3. Les actes moraux sont spécifiés par leur fin, on l’a redit à l’article précédent. Mais ceux qui gaspillent le font pour étaler leur richesse, selon Aristote. Or cela se rattache à la vaine gloire, qui s’oppose à la magnanimité, on l’a dit. Donc aucun vice ne s’oppose à la parcimonie.

En sens contraire, il y a l’autorité d’Aristote qui place la magnificence entre deux vices opposés.

Réponse : Le petit s’oppose au grand et tous deux se disent de façon relative. Comme il arrive que la dépense soit petite par comparaison avec l’ouvrage, il arrive aussi qu’elle soit grande sous le même rapport, si bien qu’elle dépasse la proportion qu’il doit y avoir entre la dépense et l’ouvrage, selon la règle de la raison. Aussi est-il évident qu’au vice de la parcimonie, par laquelle on est en défaut envers la juste proportion des dépenses à l’égard de l’ouvrage, en voulant dépenser moins que ne le requiert la dignité de celui-ci, il y a un vice opposé, par lequel on est en excès par rapport à cette proportion, c’est-à-dire qu’on dépense trop par rapport à l’ouvrage. En grec, ce vice s’appelle banausia, mot qui vient de la fournaise de la forge, parce qu’à la manière du feu de la fournaise, il " dévore " tout. On l’appelle aussi apyrokalia, c’est-à-dire " sans bon feu ", parce qu’à la manière du feu, il " flambe " tout. Aussi en latin, ce vice peut se nommer consumptio (en français : dilapidation, gaspillage).

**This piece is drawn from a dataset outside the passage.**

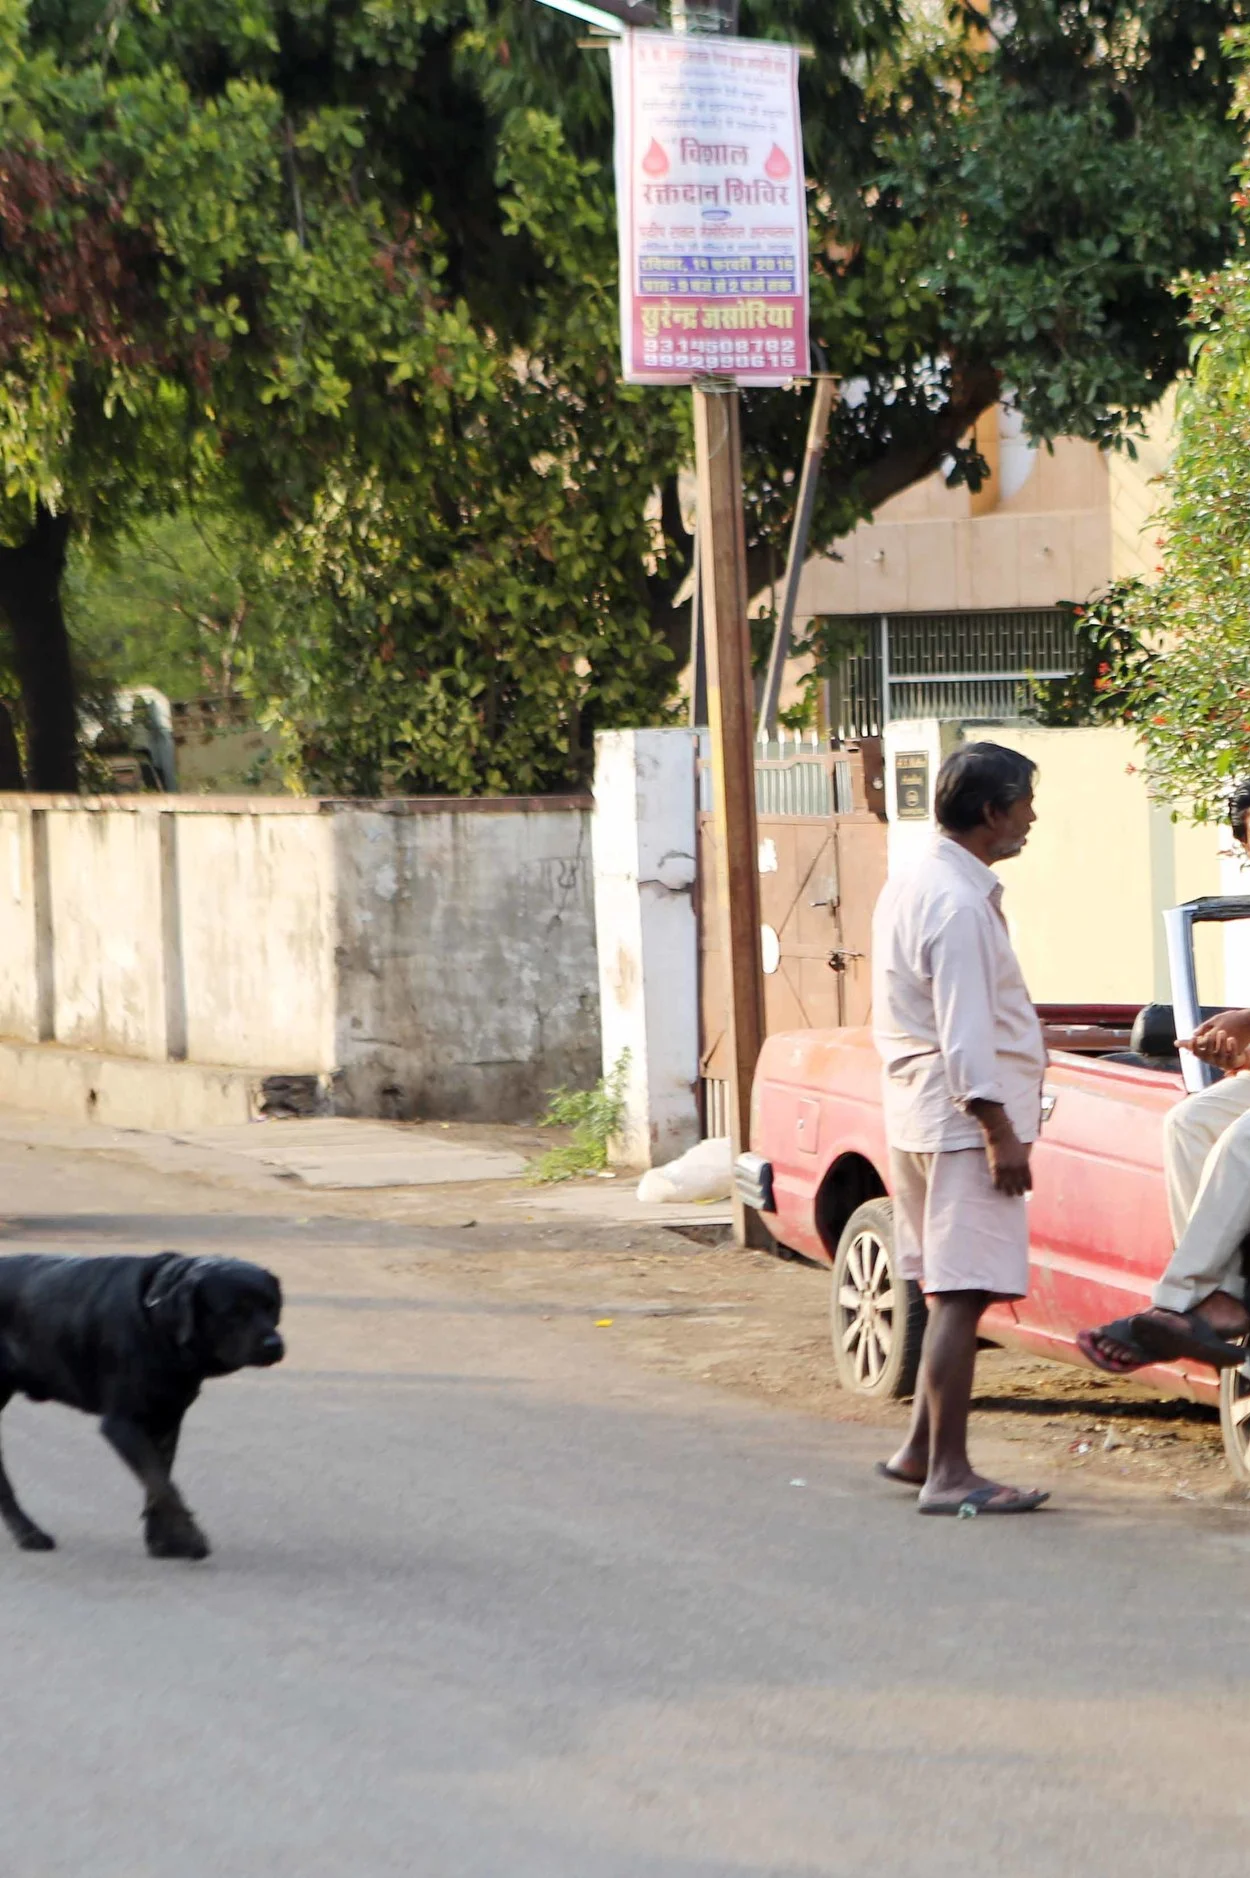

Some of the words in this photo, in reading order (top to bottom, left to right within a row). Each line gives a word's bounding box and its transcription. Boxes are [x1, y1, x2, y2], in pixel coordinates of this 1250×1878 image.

[680, 136, 749, 166] विशाल
[642, 183, 720, 206] रक्तदान
[724, 177, 790, 205] शिविर

Solutions : 1. " Magnificence " se dit parce qu’on fait un grand ouvrage, non parce que la dépense y est disproportionnée. C’est cela qui ressortit au vice opposé à la parcimonie.

2. Le même vice est contraire à la vertu qui occupe le juste milieu, et au vice contraire. Ainsi donc le vice de gaspillage s’oppose à la parcimonie en ce qu’il excède ce que demande la dignité de l’ouvrage, dépensant beaucoup là où il faudrait dépenser peu. Mais il s’oppose à la magnificence par rapport à la grandeur de l’œuvre, visée première du magnifique, en ce que là où il faut beaucoup dépenser, il ne dépense rien ou presque.

3. Le gaspilleur, par l’espèce de son acte, s’oppose au parcimonieux en tant qu’il outrepasse la règle de la raison dont le parcimonieux s’éloigne par défaut. Cependant rien n’empêche qu’il ordonne sa conduite à la fin d’un autre vice, comme la vaine gloire ou tout autre.